Empathy is a word worth thinking about, which is what was going on recently at a Wallingford library discussion. Part of the focus was on word definitions, which is helpful because language, particularly English, is not always straightforward.
I’ll offer a digression:A couple of weeks ago I found myself flummoxed by a headline from the New York Times that contained the words “a historical.” I wanted to make it “an historical.” An investigation led me to Merriam-Webster online, where I came across this remarkable observation:
“In the eternal, and generally fruitless, quest to find some way to make English make sense, many people look for simple rules to apply to our language.”
English is like weight control for some people; you’re never done struggling with it, and I found the dictionary observation somewhat encouraging, in the sense of not feeling alone when it comes to uncertainty. An answer to the “a historic” versus “an historic” question is that it’s a matter of pronunciation, which you might not find helpful at all.
I was thinking about this while reading Karla Santos’ Record-Journal story about the word empathy, and how the word was used to help explore matters of racial concern in a recent program at the Wallingford Public Library.

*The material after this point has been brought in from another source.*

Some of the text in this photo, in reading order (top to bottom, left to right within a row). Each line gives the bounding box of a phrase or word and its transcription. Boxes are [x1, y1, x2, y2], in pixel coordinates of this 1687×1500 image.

The library has been offering discussions concerning racial issues since the death of George Floyd in 2020.
As Santos reported, Aqua Drakes and Katie Burton, the representatives from Drakes & Burton Consulting, which is leading library discussions, explored the meaning of empathy, as in “how do words cultivate feelings of empathy?” An example is the difference between the phrases “this person is homeless” and “this person is experiencing homelessness.”

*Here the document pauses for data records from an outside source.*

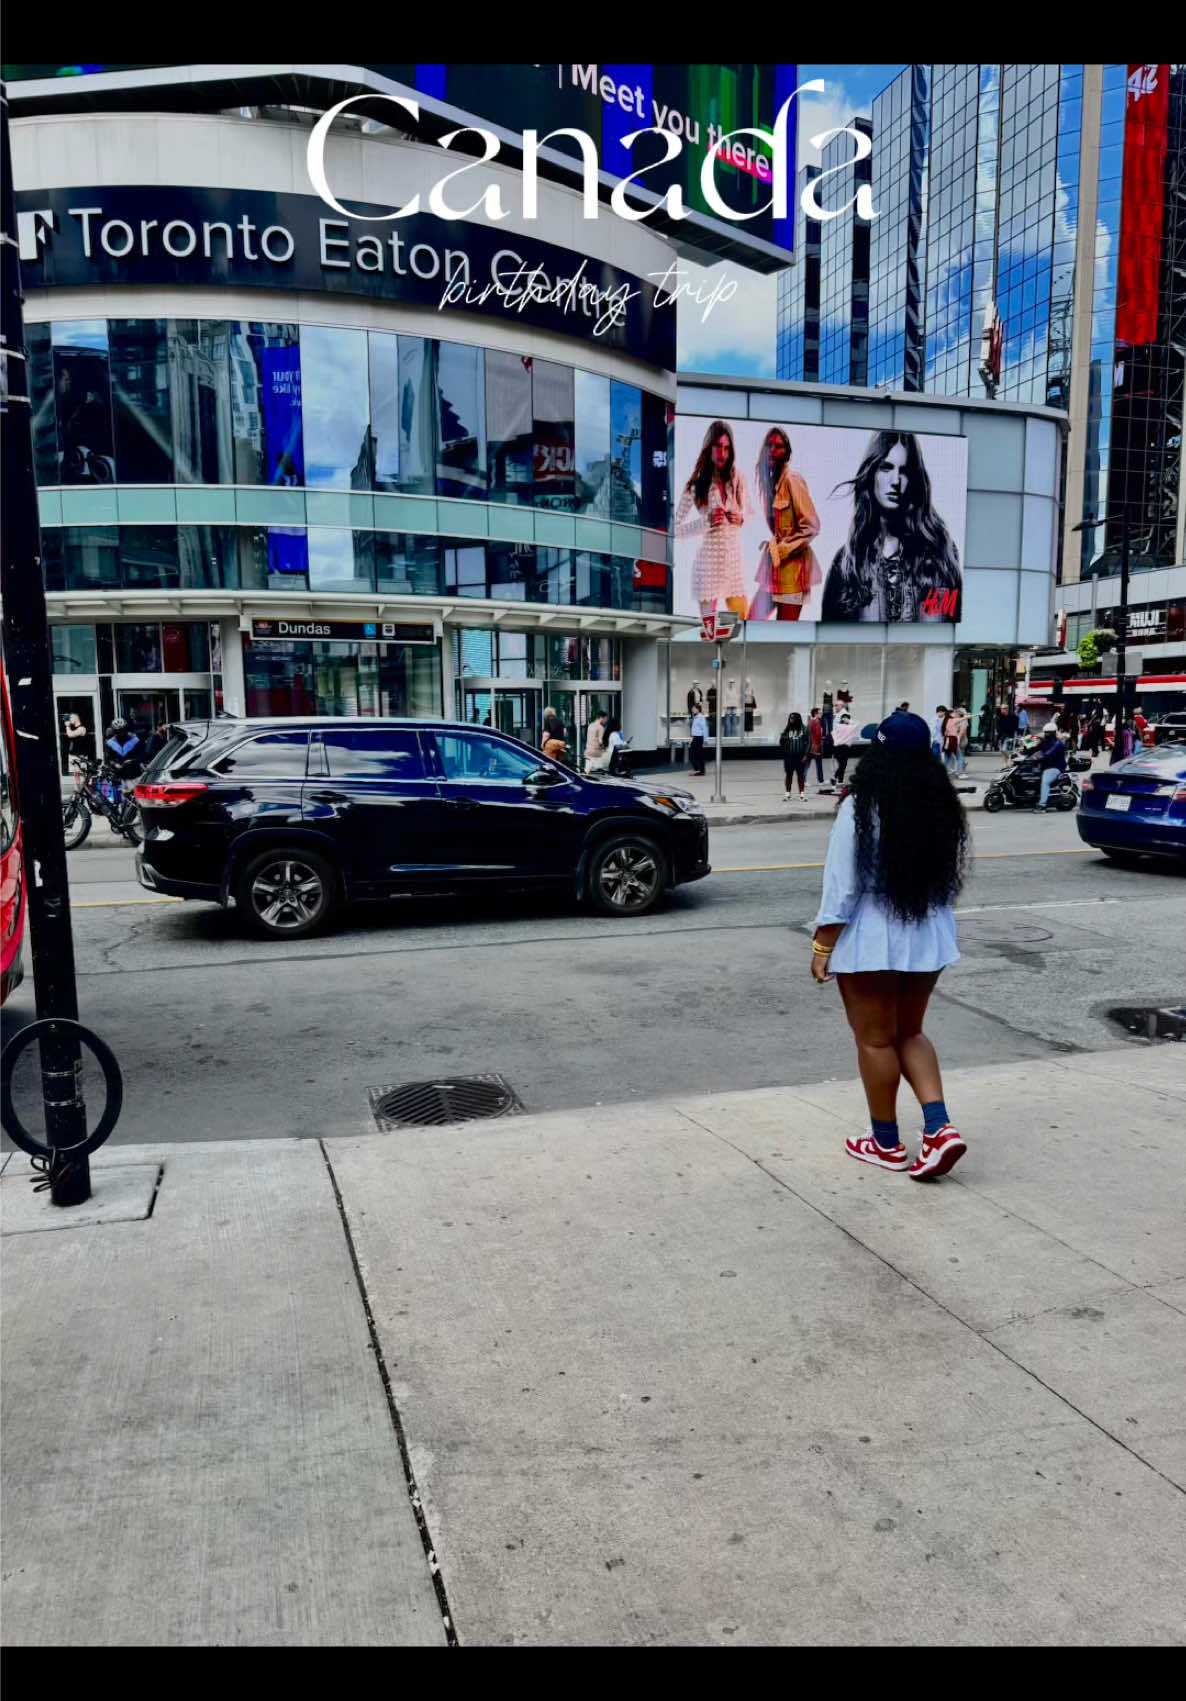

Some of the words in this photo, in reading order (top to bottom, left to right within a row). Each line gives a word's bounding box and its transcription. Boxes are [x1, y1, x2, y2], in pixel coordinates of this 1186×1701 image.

[571, 64, 645, 119] Meet
[652, 99, 700, 144] you
[708, 123, 769, 177] there
[68, 207, 296, 263] Toronto
[318, 218, 471, 285] Eaton
[490, 249, 629, 328] Centre
[278, 622, 331, 635] Dundas
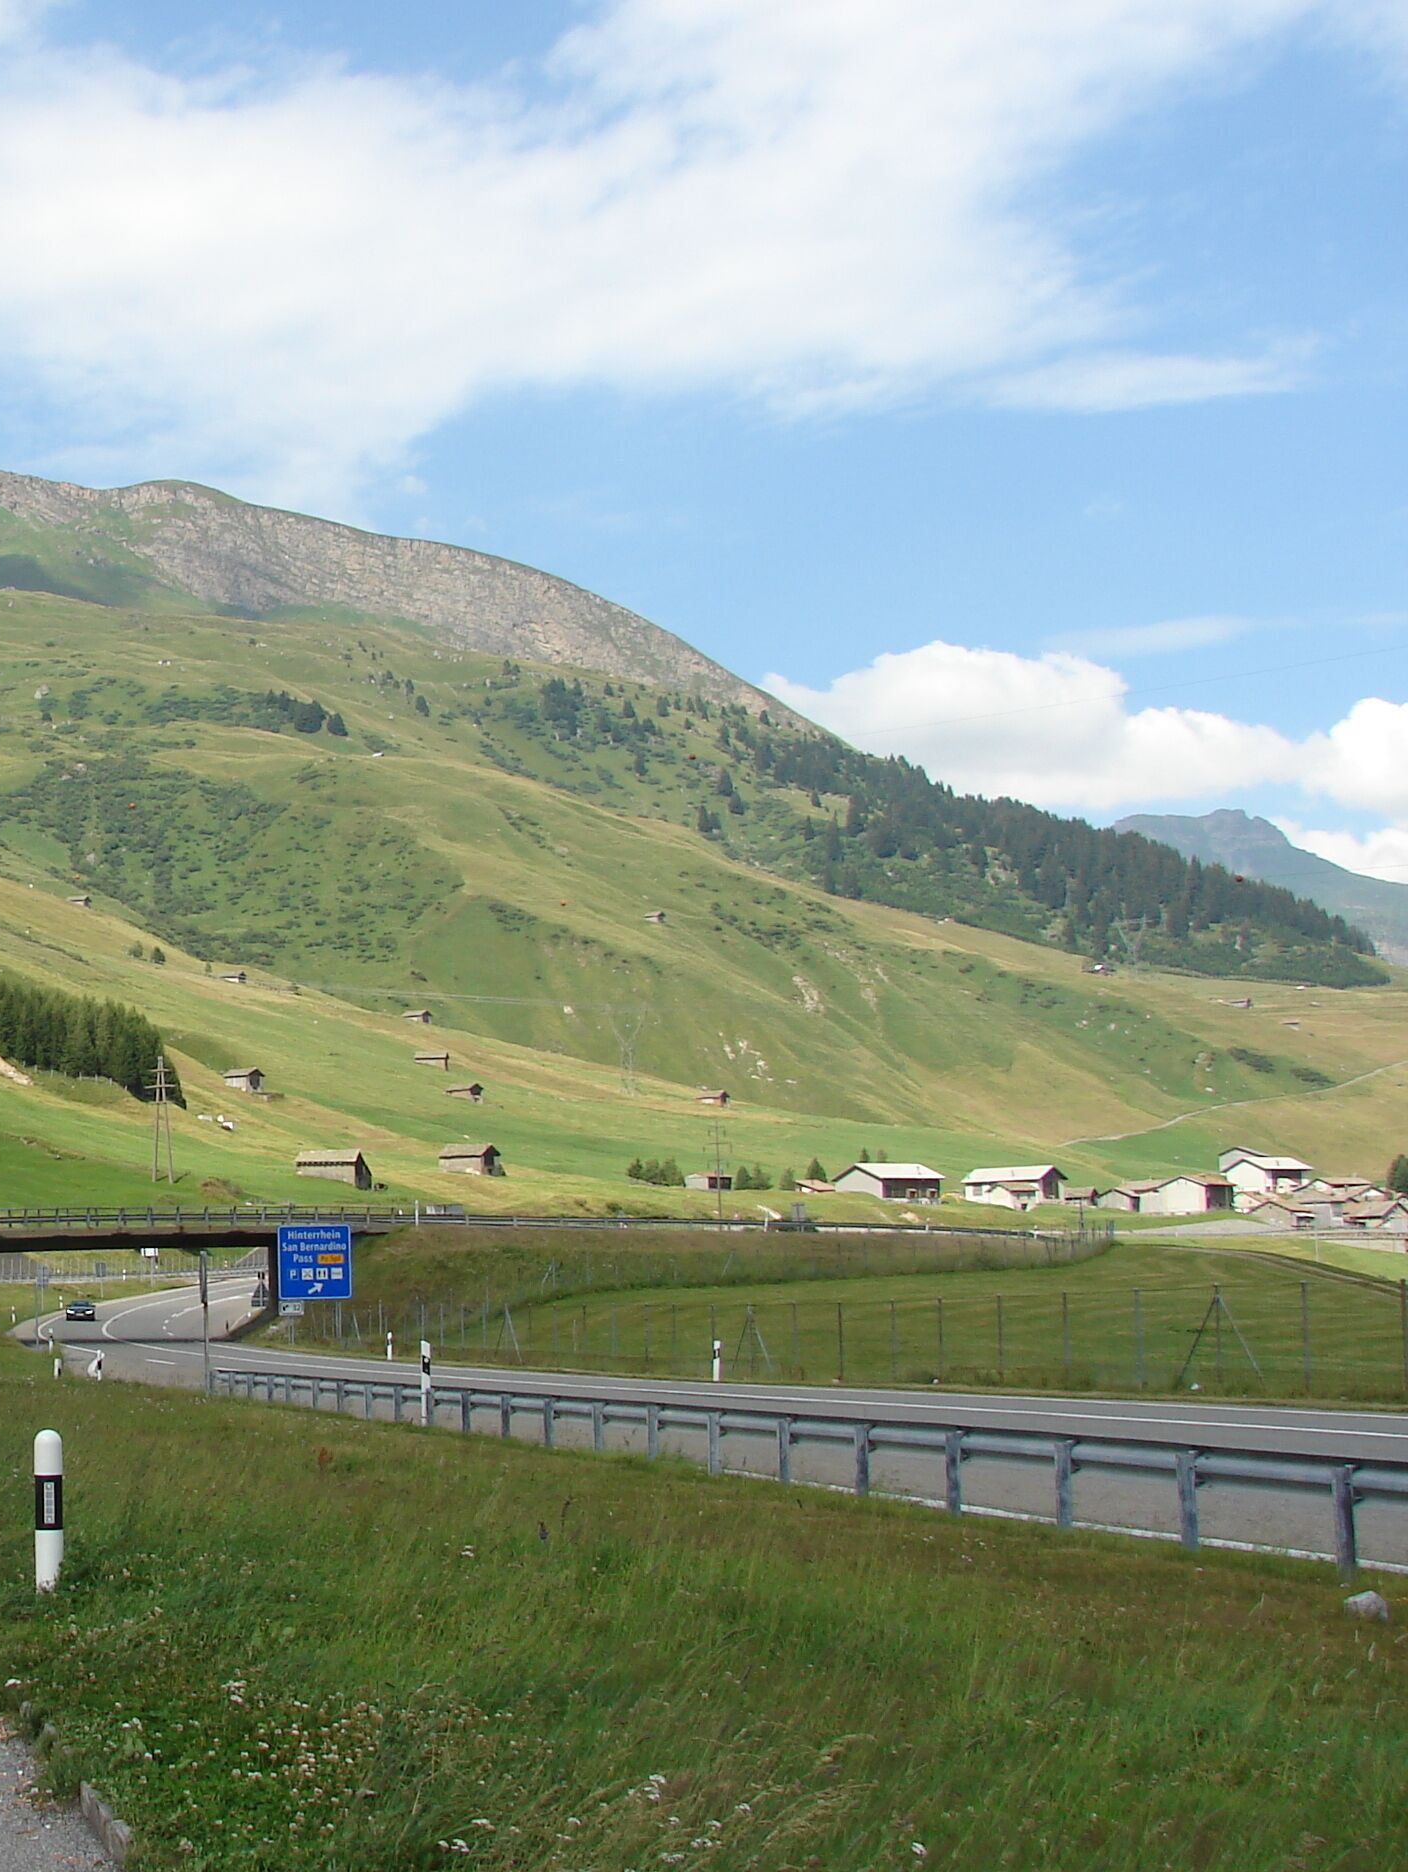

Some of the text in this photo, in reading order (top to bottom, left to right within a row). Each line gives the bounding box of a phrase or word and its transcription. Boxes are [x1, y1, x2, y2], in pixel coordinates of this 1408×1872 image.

The aforementioned Merriam-Webster online defines empathy as “the action of understanding, being aware of, being sensitive to, and vicariously experiencing the feelings, thoughts, and experience of another of either the past or present without having the feelings, thoughts, and experience fully communicated in an objectively explicit manner.”
That’s a mouthful. You could also say empathy is putting yourself in someone else’s shoes. I think of the song “There But for Fortune,” by Phil Ochs, the protest singer of the 1960s I admired greatly. Here’s part of the song, which was made more well-known by Joan Baez: “Show me an alley, show me a train / Show me a hobo who sleeps out in the rain / And I’ll show you a young man with many reasons why / And there but for fortune may go you or I.”

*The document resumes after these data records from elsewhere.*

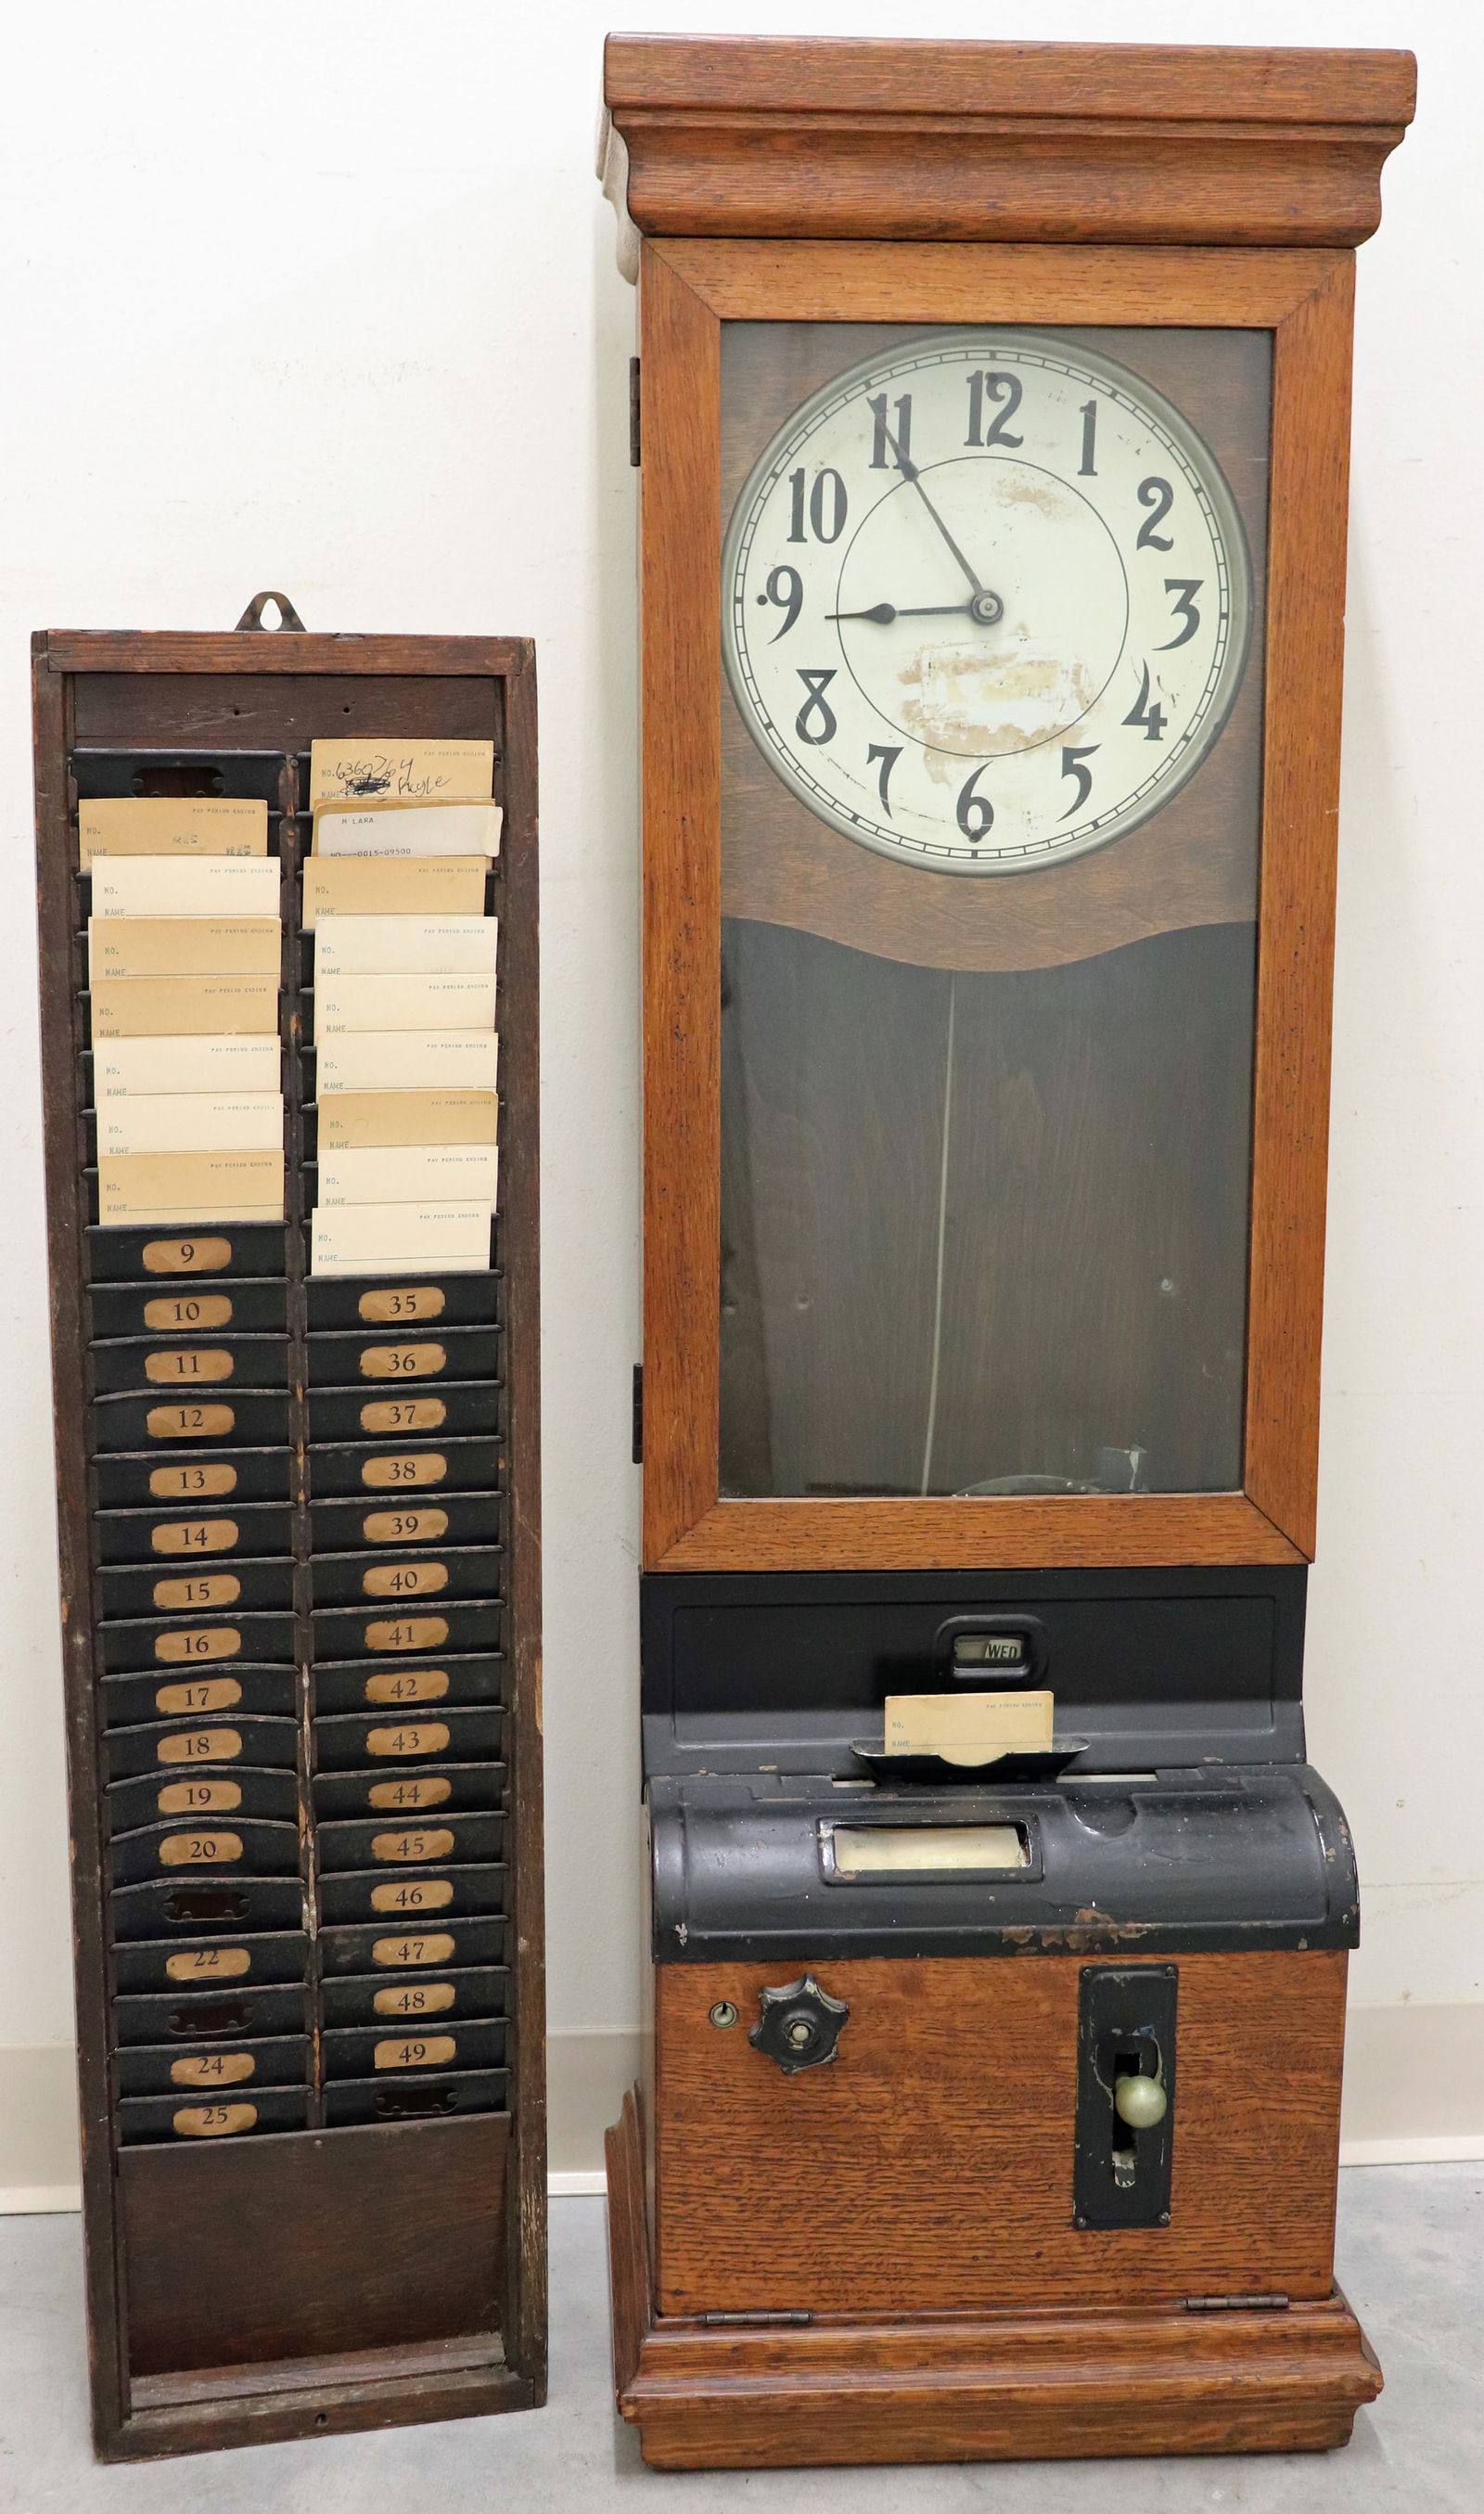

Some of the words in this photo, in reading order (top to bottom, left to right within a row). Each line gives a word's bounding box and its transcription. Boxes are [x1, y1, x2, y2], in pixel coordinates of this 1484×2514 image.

[964, 371, 1024, 447] 12
[868, 393, 912, 469] 11
[1078, 400, 1097, 475] 1
[787, 468, 848, 544] 10
[1136, 476, 1174, 551] 2
[766, 565, 803, 645] 9
[1152, 579, 1204, 650] 3
[796, 669, 837, 745] 8
[1121, 660, 1167, 740] 4
[322, 769, 335, 777] NO.
[866, 744, 903, 819] 7
[1055, 744, 1102, 822] 5
[321, 789, 340, 799] NAME
[956, 762, 993, 839] 6
[87, 827, 100, 835] NO.
[87, 848, 108, 856] NAME
[105, 908, 125, 917] NAME
[315, 907, 335, 916] NAME
[106, 968, 127, 977] NAME
[107, 1088, 126, 1097] NAME
[329, 1141, 349, 1149] NAME
[180, 1243, 195, 1263] 9
[173, 1302, 200, 1322] 10
[389, 1294, 416, 1315] 35
[176, 1354, 200, 1374] 11
[387, 1353, 416, 1372] 36
[178, 1409, 204, 1429] 12
[389, 1405, 416, 1425] 37
[180, 1469, 205, 1489] 13
[388, 1461, 416, 1481] 38
[390, 1516, 419, 1535] 39
[182, 1527, 208, 1546] 14
[185, 1582, 211, 1601] 15
[389, 1571, 418, 1592] 40
[184, 1635, 210, 1654] 16
[388, 1625, 415, 1646] 41
[988, 1644, 1017, 1658] WED
[185, 1687, 210, 1707] 17
[390, 1678, 418, 1700] 42
[185, 1737, 210, 1756] 18
[391, 1730, 420, 1751] 43
[186, 1788, 211, 1805] 19
[391, 1783, 421, 1803] 44
[190, 1841, 216, 1858] 20
[396, 1836, 424, 1856] 45
[394, 1887, 423, 1907] 46
[195, 1951, 219, 1967] 22
[397, 1942, 425, 1962] 47
[397, 1991, 426, 2011] 48
[399, 2043, 427, 2063] 49
[198, 2057, 224, 2074] 24
[202, 2106, 228, 2124] 25

Empathy seems in short supply. Maybe you can blame it on the internet and social media, maybe you can blame it on divisive politics. In a recent piece headlined “The pandemic exposed our empathy deficit,” Times columnist Charles M. Blow asked, “will we behave differently and do better, will we care for people rather than cuff them or will we resort to the response we too often have — of not allowing ourselves to truly register need so that we don’t have to truly contend with it?”
Empathy is on display as municipalities decide how best to spend allotments of federal funding from the American Rescue Plan Act. There are disagreements, certainly, but look at what people are arguing about: How best to help people.
That’s exercising our empathy muscles, and we could use a good workout regimen.